Segment Open

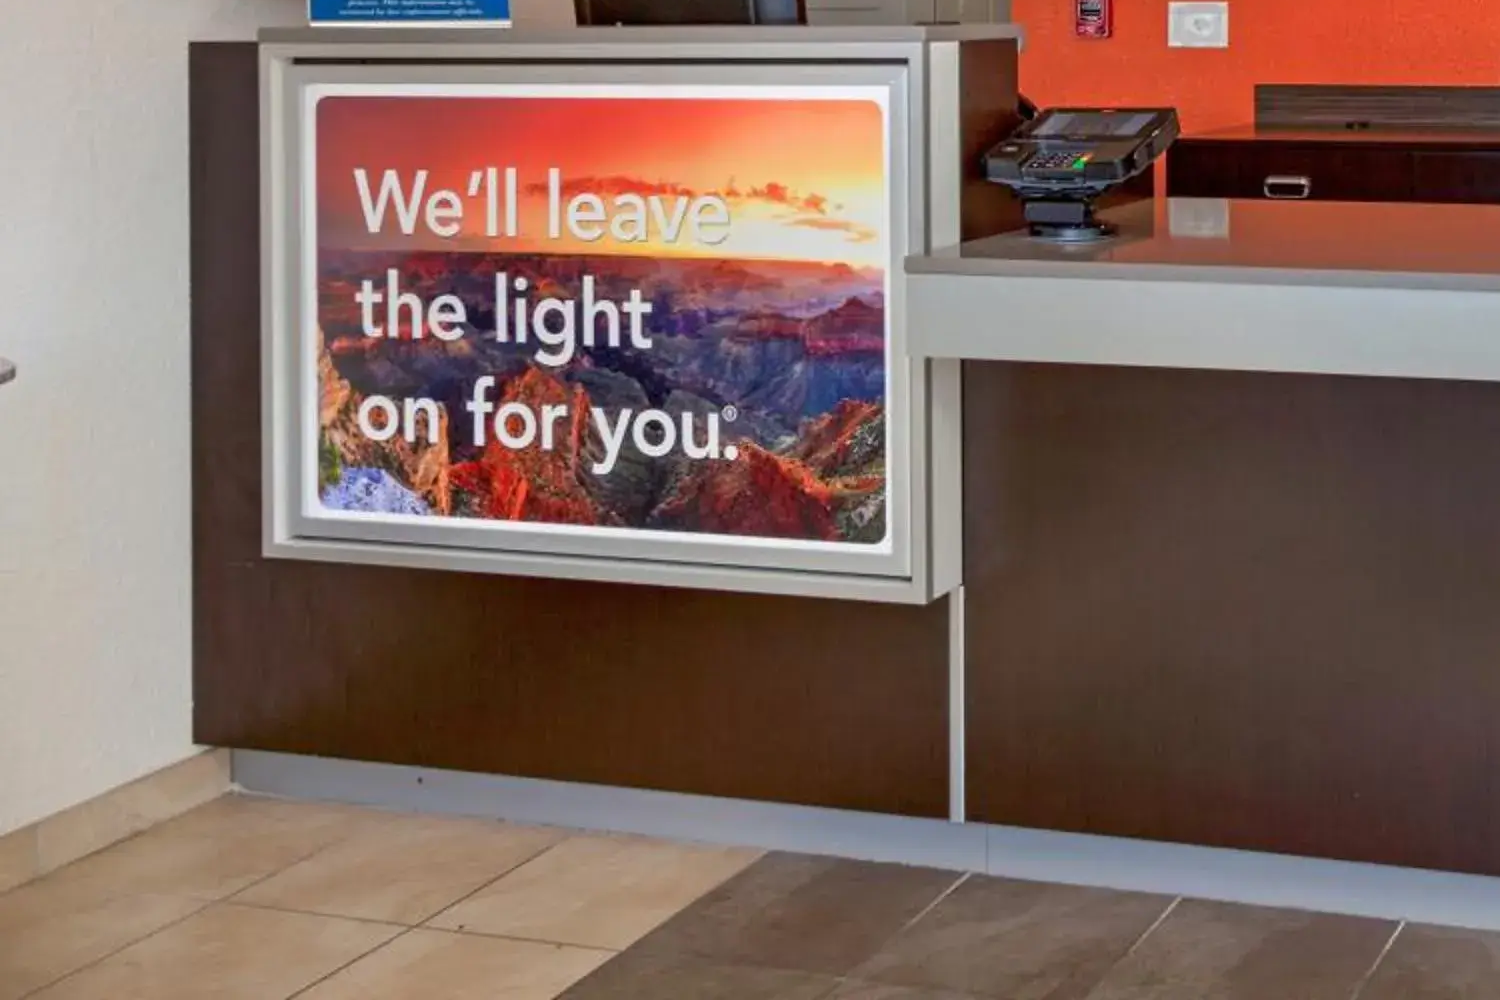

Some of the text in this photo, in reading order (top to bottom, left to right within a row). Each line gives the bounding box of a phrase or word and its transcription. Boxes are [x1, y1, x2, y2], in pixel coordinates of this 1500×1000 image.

[353, 166, 731, 245] We'll leave
[354, 268, 654, 367] the light
[357, 391, 440, 445] on
[465, 374, 567, 450] for
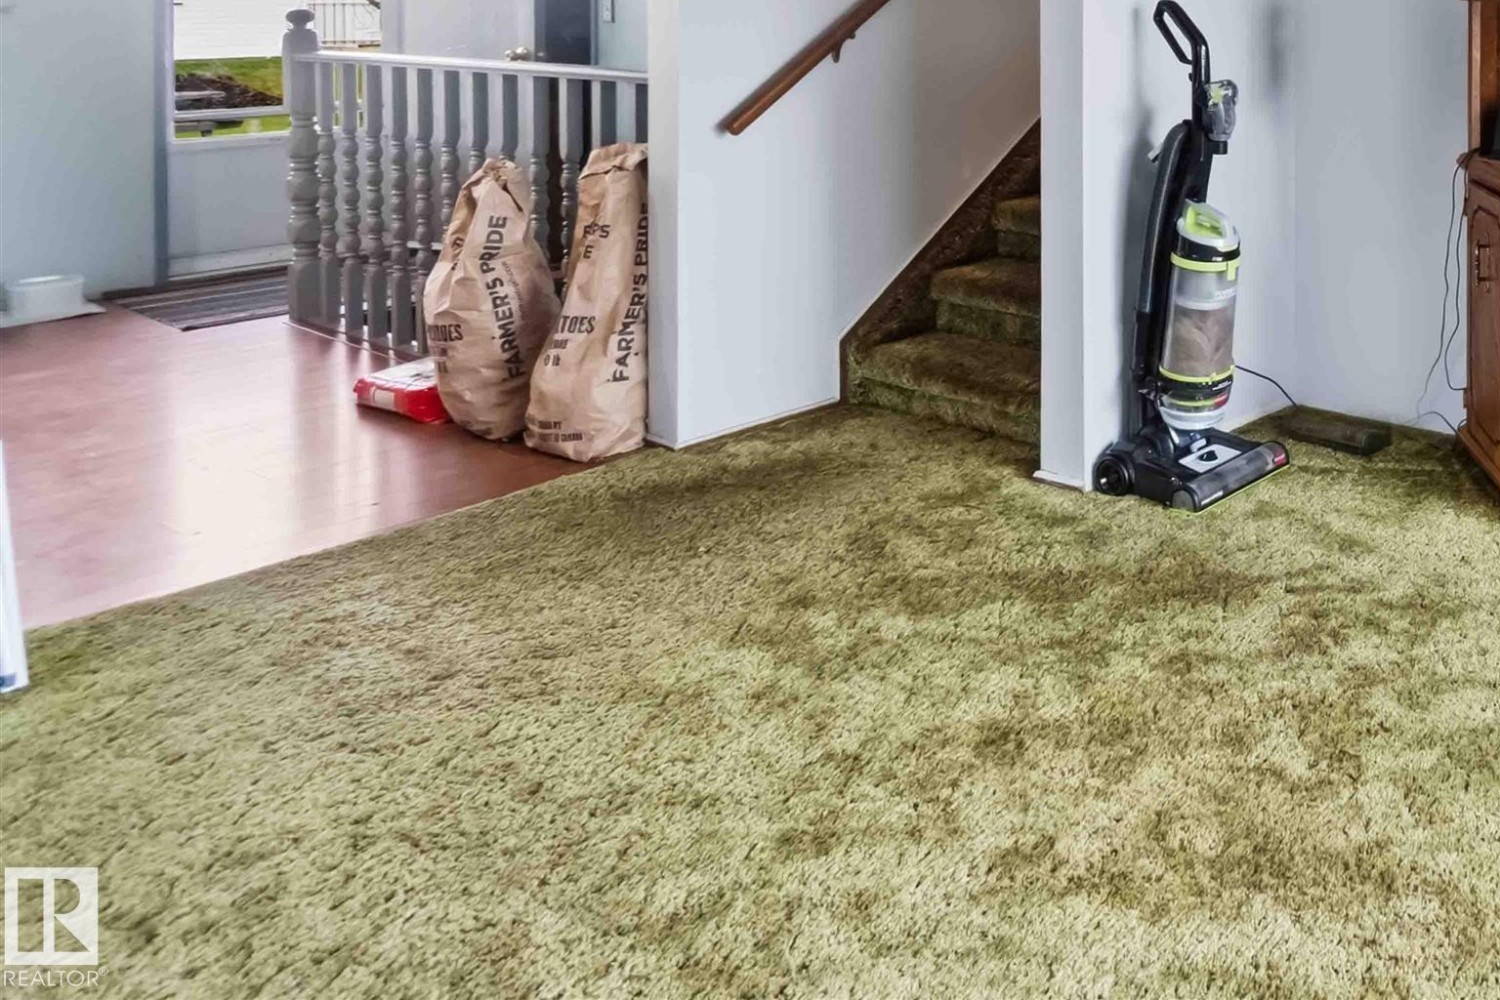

Segment Closed

Your copy should match the entries above exactly and contain no pictures.

→ **REPLY**
Some of the text in this photo, in reading order (top to bottom, left to right within a row). Each line gives the bounding box of a phrase or word and its transcription. Boxes are [x1, y1, x2, y2], in pixel coordinates of this 1500×1000 image.

[353, 166, 731, 245] We'll leave
[354, 268, 654, 367] the light
[357, 391, 440, 445] on
[465, 374, 567, 450] for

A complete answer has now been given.